If I ever run that campaign, I won't approach it as a comedy. It will be dark. It will probably have a Southern Gothic theme, plus lots of carnival scenes and masquerade balls. There will likely be monsters called Face Thieves who try to rip off characters' faces/masks to feed upon the characters' identities.
Just don't ask where the centaur came from. Some things are better left unanswered.

Seriously, though, that's a fantastic concept.
 

Not a discussion. You haven’t discussed what they mean by a tortle, what aspects of tortle they think will work well in the campaign, and so on. And of course because “tortle” is a hypothetical, no one who is posting here could give you a true answer.
The one true answer is that a tortle is what it's called when you chortle at a tort.
I have seen a few people give answers to why not a tortle (or whatever)? That come across as “because my world building is more important than making the game fun”, which I suspect the posts you are thinking of where responding to. “Because tortles don’t exist in this world” is not a good answer in a world of magic, because they could be mutant terrapins or from another world. “Because everyone hates tortles” is not a good answer, since being hated by NPCs is something players are willing to deal with (see 2nd edition drow), “it doesn’t fit the theme of my Conan campaign” is a reason - to play with different people, because the player who wants to play a tortle clearly isn’t interested in that theme. No themed game works if they players don’t buy into it.
You're oversimplifying those responses.

It's not because "my world building is more important than making the game fun." 1) there's generally more to it than that, and 2) It's not even remotely close to a given that without tortles the game isn't fun.

"Because everyone hates tortles" is similarly oversimplified. The degree of hate, how that hate plays into interactions with NPCs, and so on can make it highly disruptive to the campaign. So the reason isn't "everyone hates tortles," but rather, "tortles are overly disruptive to the game."
 

Then what's your counter? If it's the visual that's fine. It can be any kind of visual for the armor that you want.
Honestly, tortle is probably one of the worst examples, precisely because it has mechanics that have such a strong diegetic visual associated with it. It's a lot easier to reskin something like a triton or a hobgoblin, for examples of races that deviate from the "norm".

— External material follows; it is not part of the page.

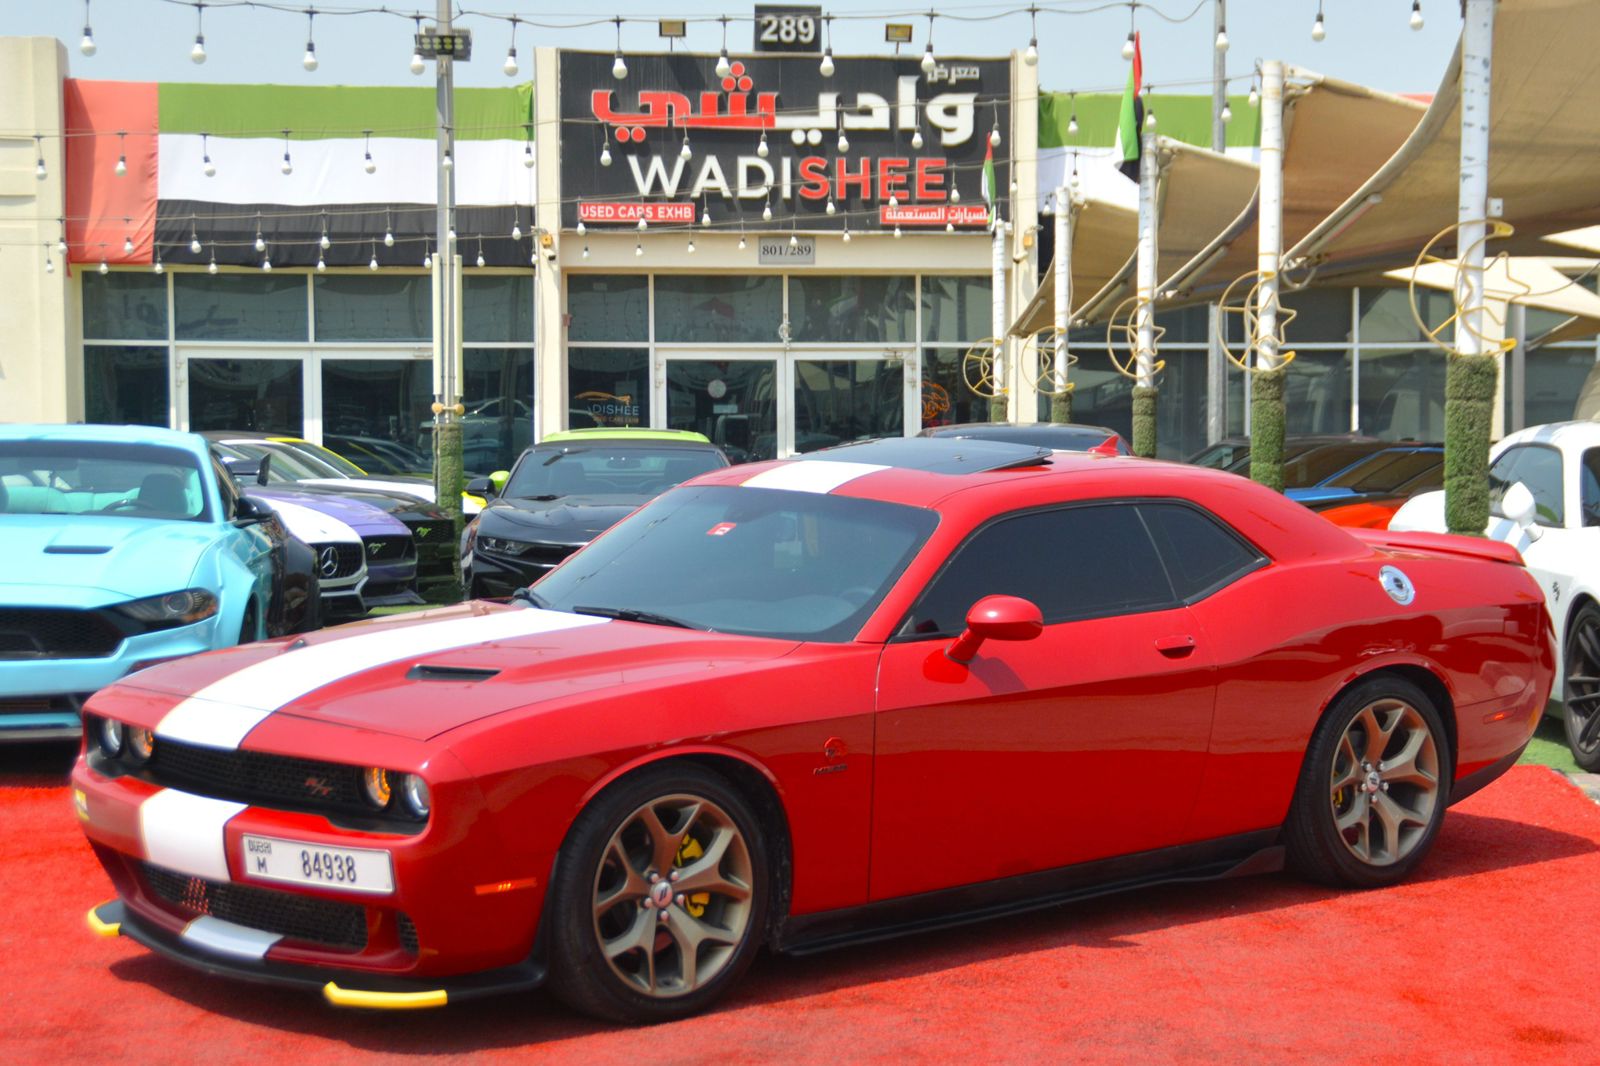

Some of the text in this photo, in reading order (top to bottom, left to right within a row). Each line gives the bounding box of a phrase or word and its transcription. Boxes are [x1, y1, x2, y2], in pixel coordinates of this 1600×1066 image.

If the ask is "I want to use the tortle armor mechanic, but I'm not really attached to any sort of race aesthetic", I'd want to know what race they want to look like. They could use tortle race as the base, probably swap out features that are problematic like Shell Defense, Claws, and the swim speed for some of the race features of their actual appearance. In the fiction, describe the natural armor as some sort of fighting style or magical mutation, dependent on the race, class, and overall concept of the character.
 


So the only thing that is not "ridiculous" is a tortle?

I was attempting to have a conversation. That's how conversations work, I come up with an idea, it you don't like it you come up with a counter-proposal. Except the counter proposal is always "it must be a tortle". Which isn't compromise in any way shape or form. The visual could easily change - I was attempting to be a bit humorous with that - but the idea was that they look human but can get the same benefit as tortle armor without gaining proficiency from their class.

If it's ridiculous what's the counter?

Compromise woukd be another aquatic race imho suitable to the campaign.

In my not Egypt I may allow a Crocodile person over a Tortle.

I was in effect using a 2nd phb though and was allowing 20+ races already so would prefer something more suitable. One of those 20 or better yet something more Egyptian or nearby (Dragonborn/kin, Minotaurs, Aasimar for example).

I've been running FR so most things are fine except some Eberron/ Lorwyn specific stuff.

Only hard bans atm are SilveryBarbs and flyers. Almost never relevant but did have one ask about Silvery Barbs. I use lots of spellcasters as NPC so if you did argue enough for SB I would use it on players.

Generally I think OHB allowed is reasonable. If youre doing something non standard advertise it as such eg Middle Earth Elf, Dwarf, Hunan, Halfling only.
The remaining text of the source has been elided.